* _Assignment_: Each entry below is to be restated word for word, with no pictures carried over.

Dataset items
□ □ □ □ □ □ □

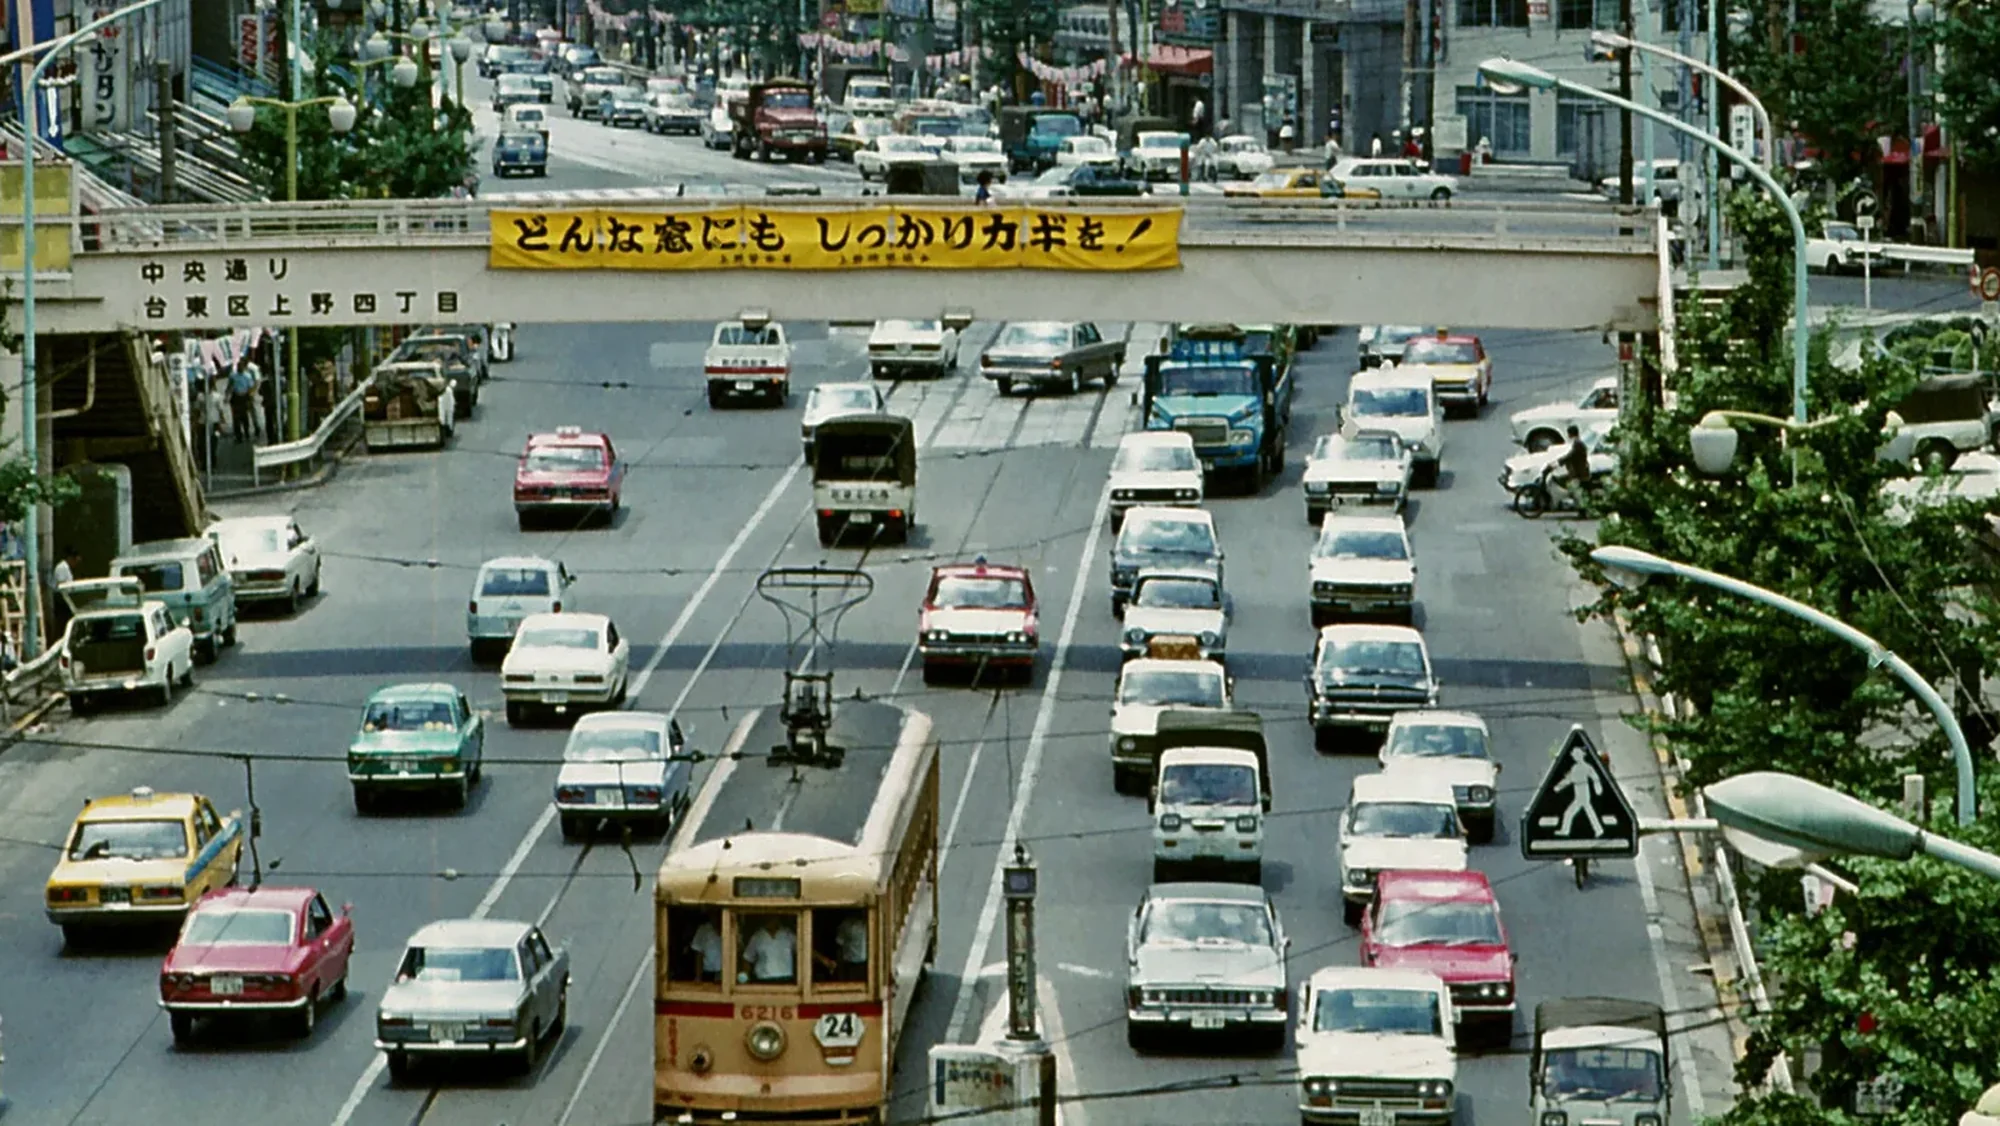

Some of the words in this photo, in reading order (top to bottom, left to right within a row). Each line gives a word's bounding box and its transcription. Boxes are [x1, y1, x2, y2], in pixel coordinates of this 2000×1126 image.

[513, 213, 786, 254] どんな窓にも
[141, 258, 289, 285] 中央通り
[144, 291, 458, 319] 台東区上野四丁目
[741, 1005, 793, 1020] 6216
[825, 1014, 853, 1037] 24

□ □ □ □ □ □ □

* _Task result_:
Some of the words in this photo, in reading order (top to bottom, left to right within a row). Each line gives a word's bounding box and its transcription. Boxes are [x1, y1, x2, y2], in pixel coordinates of this 2000×1126 image.

[513, 213, 786, 254] どんな窓にも
[141, 258, 289, 285] 中央通り
[144, 291, 458, 319] 台東区上野四丁目
[741, 1005, 793, 1020] 6216
[825, 1014, 853, 1037] 24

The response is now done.